Problem requirements ->
Everything from the line containing "this 1280×1707 image." through the end of the entries should be output exactly; nothing before it is wanted.

------ Available data ------

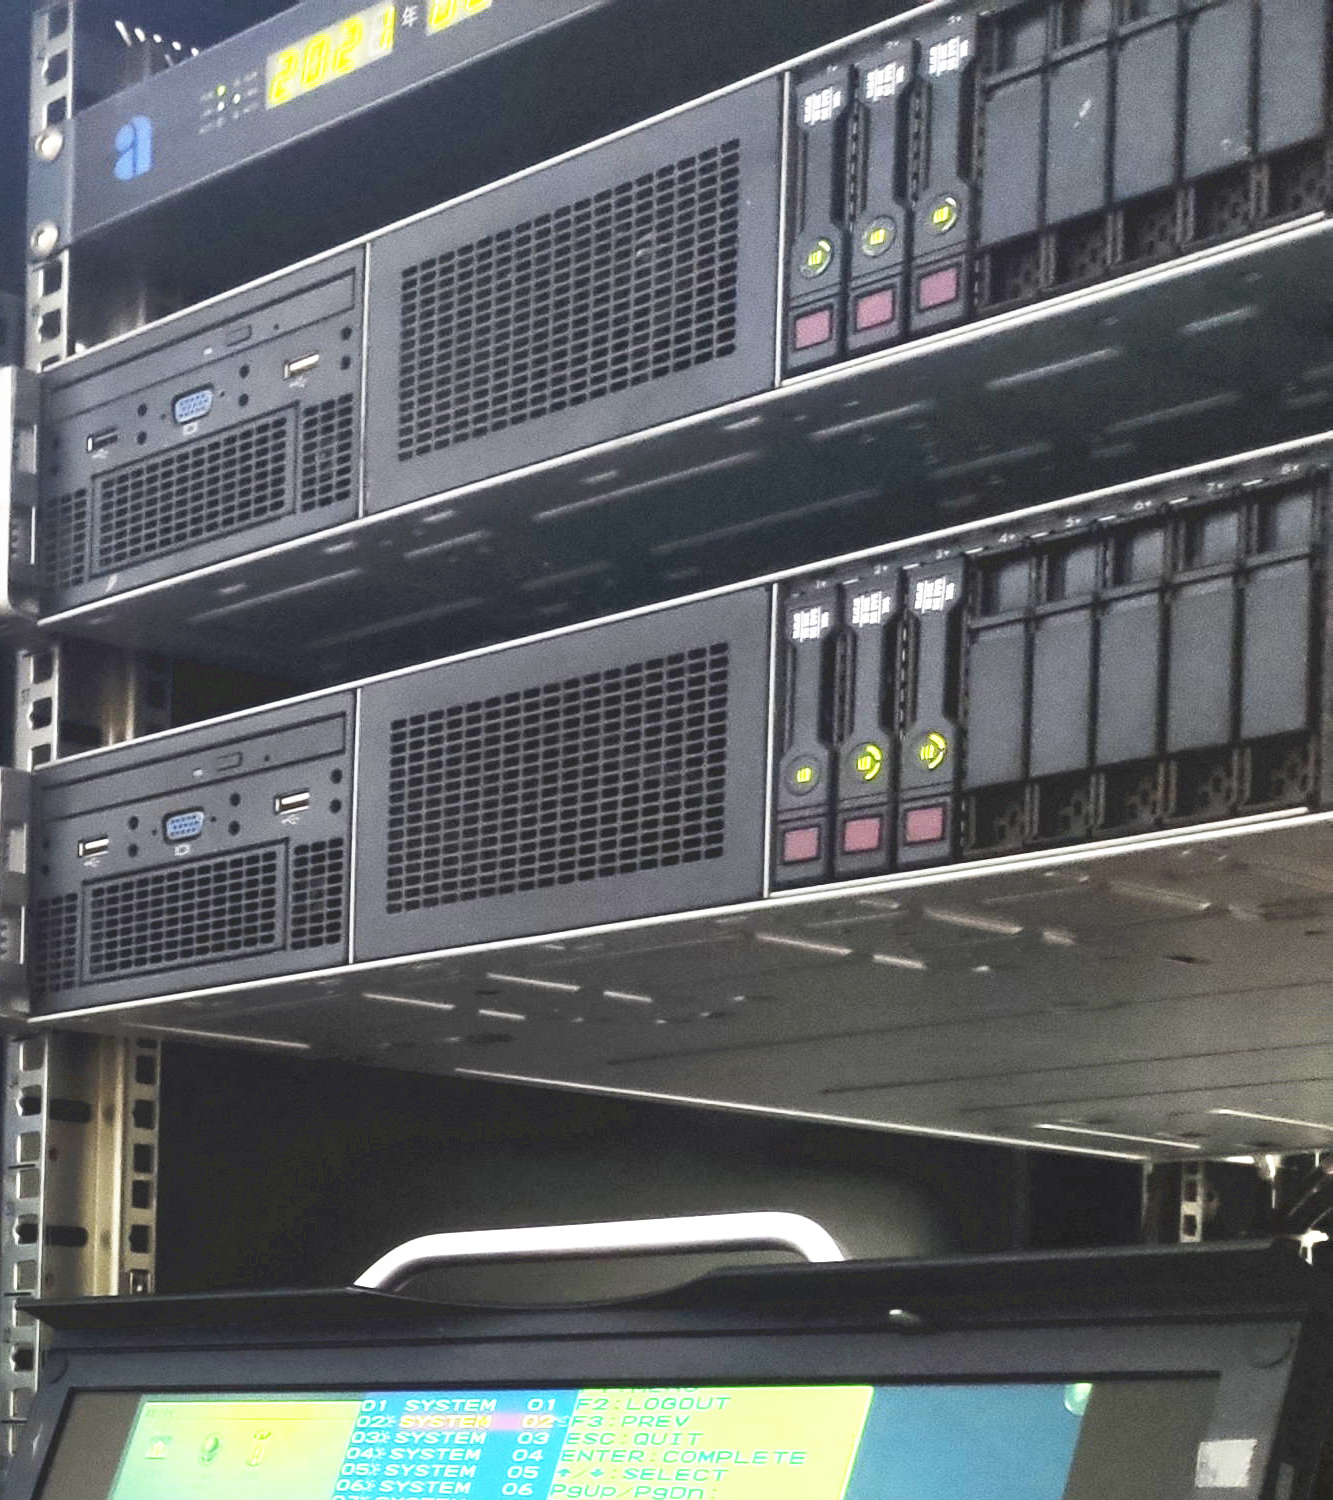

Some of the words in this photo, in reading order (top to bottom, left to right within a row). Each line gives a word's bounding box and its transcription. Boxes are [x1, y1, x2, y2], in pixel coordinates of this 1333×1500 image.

[269, 6, 395, 105] 2021
[362, 1399, 387, 1412] 01
[405, 1399, 497, 1412] SYSTEM
[527, 1399, 556, 1412] 01
[399, 1414, 492, 1429] SYSTEM
[394, 1432, 486, 1445] SYSTEM
[517, 1431, 550, 1445] 03
[389, 1448, 481, 1461] SYSTEM
[512, 1449, 544, 1461] 04
[384, 1464, 476, 1478] SYSTEM
[507, 1466, 539, 1478] 05
[379, 1480, 471, 1494] SYSTEM
[501, 1482, 534, 1495] 06
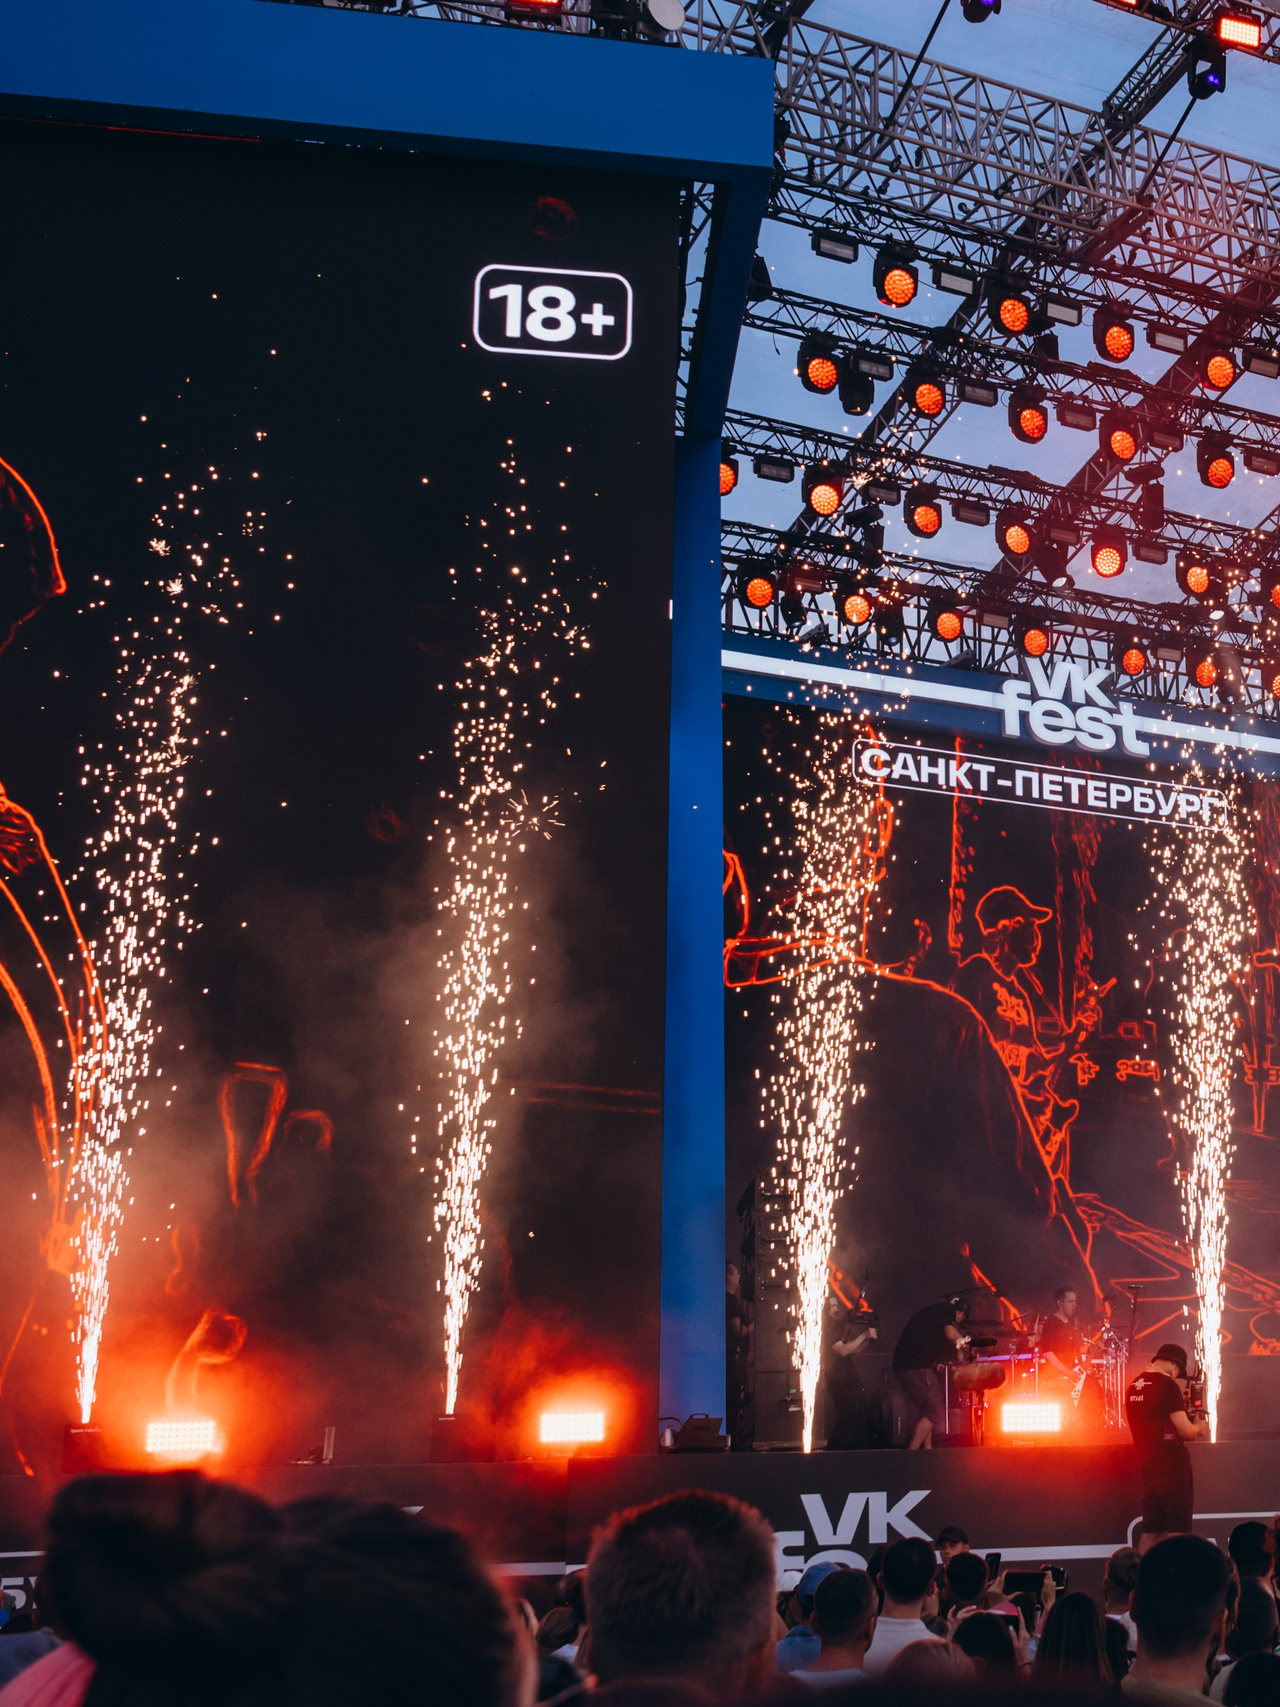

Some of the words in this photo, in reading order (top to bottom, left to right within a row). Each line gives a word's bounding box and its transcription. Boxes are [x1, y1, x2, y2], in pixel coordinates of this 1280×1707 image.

[488, 283, 616, 342] 18+
[1023, 656, 1117, 709] VK
[1001, 679, 1150, 758] fest
[858, 746, 1222, 823] САНКТ-ПЕТЕРБУРГ
[800, 1490, 934, 1546] VK

------

Output ->
Some of the words in this photo, in reading order (top to bottom, left to right within a row). Each line gives a word's bounding box and its transcription. Boxes are [x1, y1, x2, y2], in pixel coordinates of this 1280×1707 image.

[488, 283, 616, 342] 18+
[1023, 656, 1117, 709] VK
[1001, 679, 1150, 758] fest
[858, 746, 1222, 823] САНКТ-ПЕТЕРБУРГ
[800, 1490, 934, 1546] VK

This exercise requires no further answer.